Most people who pay into Social Security work for an employer. Their employer deducts Social Security taxes from their paycheck, matches that contribution and sends taxes to the Internal Revenue Service (IRS) and reports wages to Social Security. But what about self-employed people?
You are self-employed if you operate a trade, business or profession, either by yourself or as a partner. Remember that whether you are eligible for Social Security Disability Insurance Benefits and Social Security Retirement Benefits depends on you paying enough in to the Social Security trust fund through FICA taxes. Similarly, how much you receive in benefits depends in large part on how much you pay in through FICA. Unfortunately, with regard to individuals who are self-employed, there are some common problems that tend to come up.
Problem 1: Paying Federal Income Taxes, But Not FICA
Over the years, I have seen several individuals who filed their own returns and honestly thought they had paid all of their taxes. The problem for these individuals was that they had paid their federal income tax, but had failed to take out money for FICA and Medicare on themselves. The end result was that when they became medically disabled they were not eligible for Disability Insurance Benefits, because they did not have a sufficient amount paid in to FICA, recently enough.
Problem 2: The Married Couple Running a Joint Business But Only Pays Taxes on One Person
Many small family businesses operate with work from both spouses. Typically, these couples will file a joint tax return at the end of the year. Unfortunately, when the husband and wife file taxes, a common mistake is to pay FICA taxes on only one spouse. The end result of this is that the other spouse ends up losing eligibility for Social Security Disability because she is not paying into FICA.
Problem 3: Mistakenly Thinking You “Didn’t Make Enough to File Taxes”

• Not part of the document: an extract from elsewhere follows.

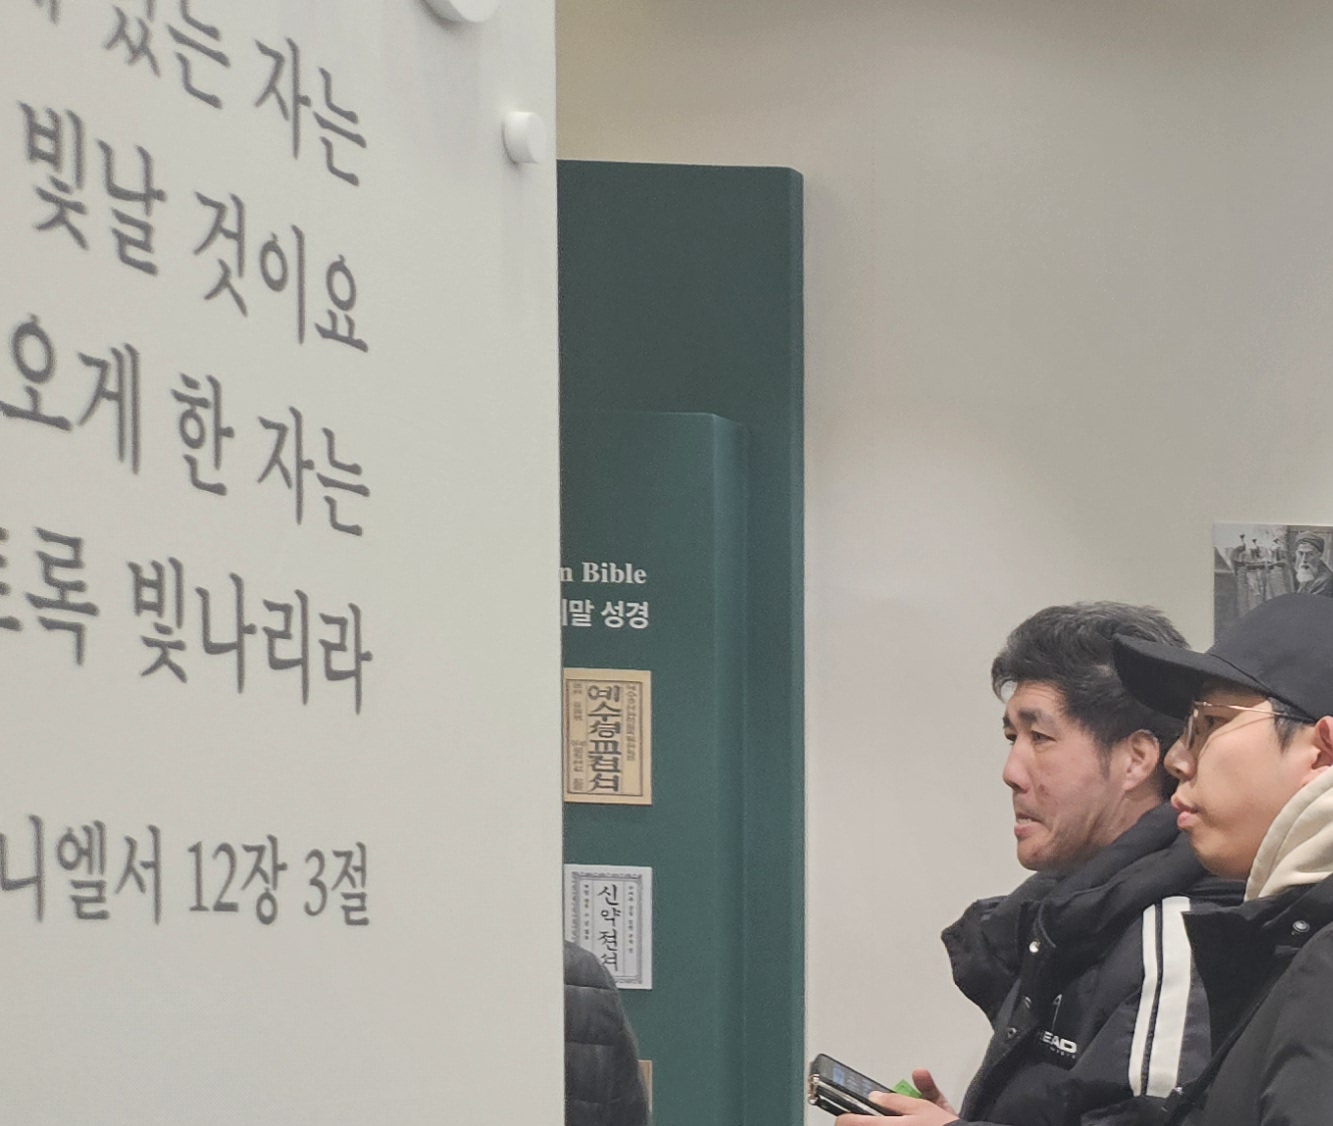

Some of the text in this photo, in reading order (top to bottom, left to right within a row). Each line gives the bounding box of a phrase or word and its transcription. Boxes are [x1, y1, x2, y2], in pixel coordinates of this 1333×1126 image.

Over the years, I have had dozens of clients who had gone from hourly or salaried jobs to some kind of self-employment. Typically, while they were working for an employer, they were paying into FICA and covered by Social Security Disability. However, once people start working for themselves, it is all too easy to neglect paying taxes. This typically is the case with many disability claimants, because they become “self-employed” only because they were physically unable to perform the demands of their former employment. For many individuals in this position, their “self-employment” consists of doing whatever odd job they can scrape up to keep a roof over their heads. For individuals in this situation, a common misconception is that the small amount of money that they are scraping together each year does not require them to pay taxes. This is usually wrong and can result in a loss of coverage for Social Security Disability Benefits.
As a reminder, eligibility for Social Security Disability Benefits depends on you recently paying enough into FICA. (For more see my past blog on Social Security Date Last Insured-http://www.donatilaw.com/blog/what-is-my-date-last-insured.) Further, it doesn’t take much in earnings to maintain coverage. For 2013, it takes $1160 to earn 1 quarter of coverage. Four quarters can be earned a year, so with only $4640 earned in 2013 you can extend your coverage for disability by a year. Thus, even if you are making minimal income being “self-employed” it is still important that you file your taxes at the end of the year on this income.

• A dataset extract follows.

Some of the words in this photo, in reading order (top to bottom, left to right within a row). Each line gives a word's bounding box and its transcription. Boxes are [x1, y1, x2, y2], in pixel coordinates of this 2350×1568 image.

Finally, keep in mind that all of your earnings covered by Social Security are used to figure your Social Security benefit. So, it is important that you report ALL earnings up to the maximum, as required by law.
You must complete the following federal tax forms by April 15 after any year in which you have net earnings:
- Form 1040 (U.S. Individual Income Tax Return);
- Schedule C (Profit or Loss from Business) or Schedule F (Profit or Loss from Farming) as appropriate; and
- Schedule SE (Self-Employment Tax).
You can get these forms from IRS on their website at http://www.irs.gov/
Send the tax return and schedules along with your self-employment tax to IRS.